テレビもない。パソコンも、インターネットも使えない。もし、そんな場所に身を置いたとしたら、あなたは何をして時間を過ごしますか? そんな場所は、今時、珍しいかもしれませんね。電波に追いかけられない場所。
けれど、電波を追いかけないぞと、覚悟することは出来るはず。
私は、ある友人のアトリエに、身を眩ますことがあります。そこは私にとって秘密の場所。誰とも連絡を取らない。そこに居ることも、友人以外は知らない。友人の留守中に間借りするので、誰も来ない。もともとテレビもないし。携帯はカバンに入れたままにして。
聞こえるのは、シュンシュンと湯の沸く音。
目に入るのは、風に揺れる中庭の草葉。
夏はグラスの水滴を見つめ、冬はストーブの火を眺める。
時に知的好奇心を満たしたくなれば、友人の蔵書を開く。
ささやか、でしょうか。いえ、美しい時間です。
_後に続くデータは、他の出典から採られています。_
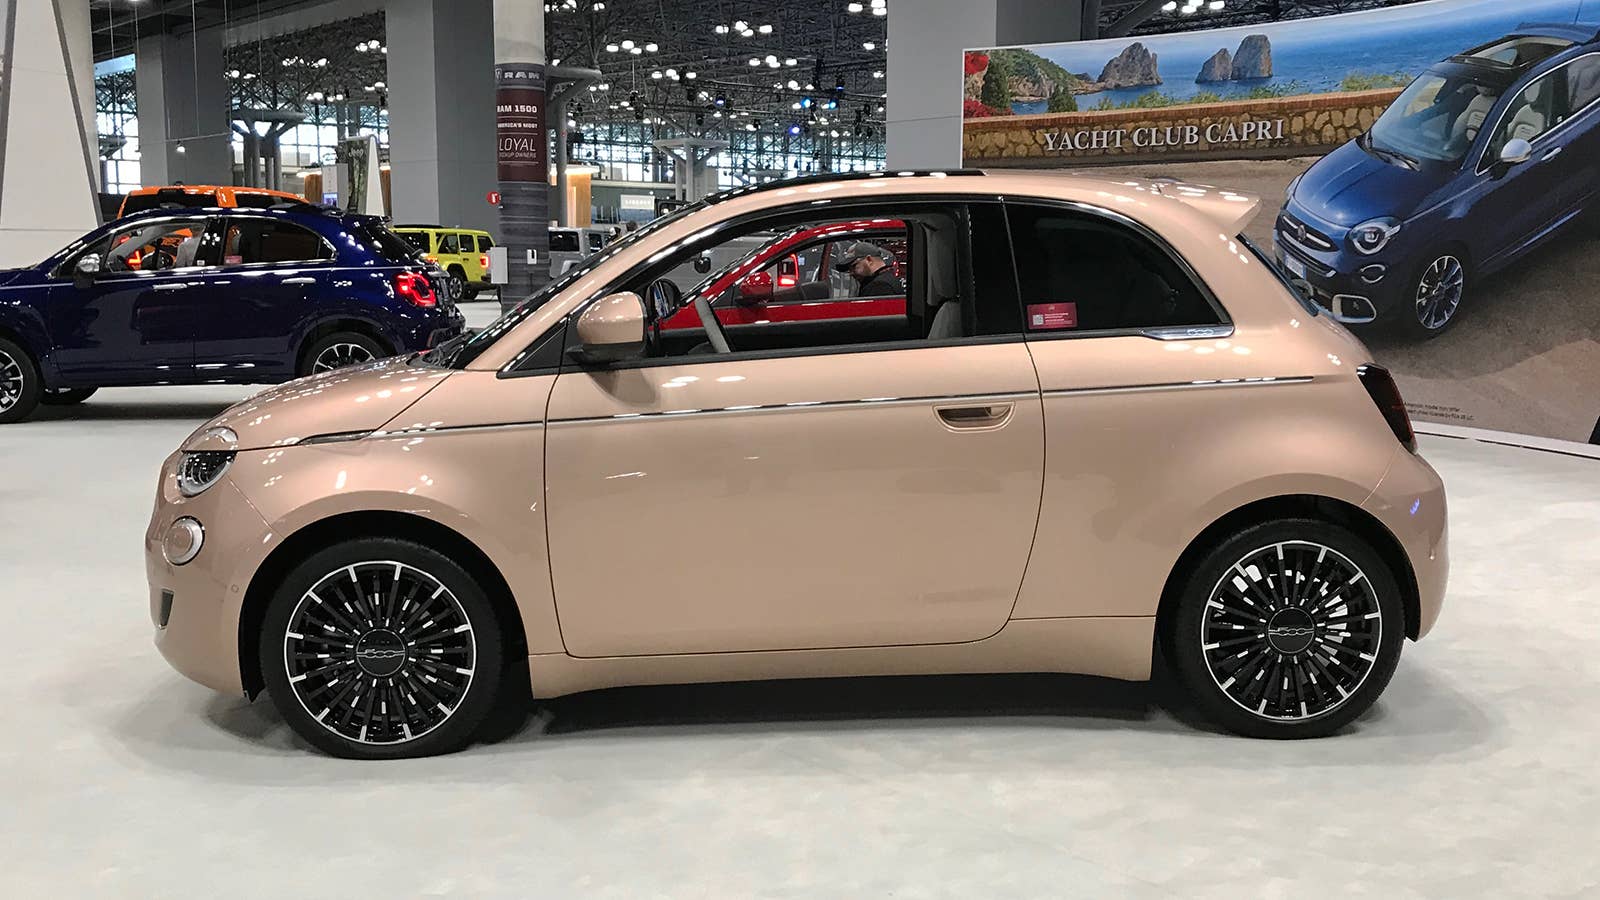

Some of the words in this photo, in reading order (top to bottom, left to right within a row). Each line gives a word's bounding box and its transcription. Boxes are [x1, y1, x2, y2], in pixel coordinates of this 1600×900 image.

[504, 71, 540, 80] RAM
[514, 104, 538, 113] 1500
[1044, 129, 1127, 151] YACHT
[1132, 125, 1199, 147] CLUB
[1205, 119, 1285, 143] CAPRI
[499, 137, 537, 152] LOYAL
電波を追いかけない、思考を追いかけない、誰のことも追いかけない。ただ、今そこにあるものを見て・聞いて・香って・味わって・感じるだけの時間。五感を解放すると、自分が自分の力で、整えられていくのがはっきりとわかります。
そう、ただ、覚悟するだけ。
ほんの数日だけでも。
デジタルを諦める場所を、ぜひ作ってみてください。わざわざ山奥にいくこともありません。植物と火と水のエッセンスがあり、手入れの行き届いた空間であれば、都会であっても良いと思います。家のどこか一室でも、十分でしょう。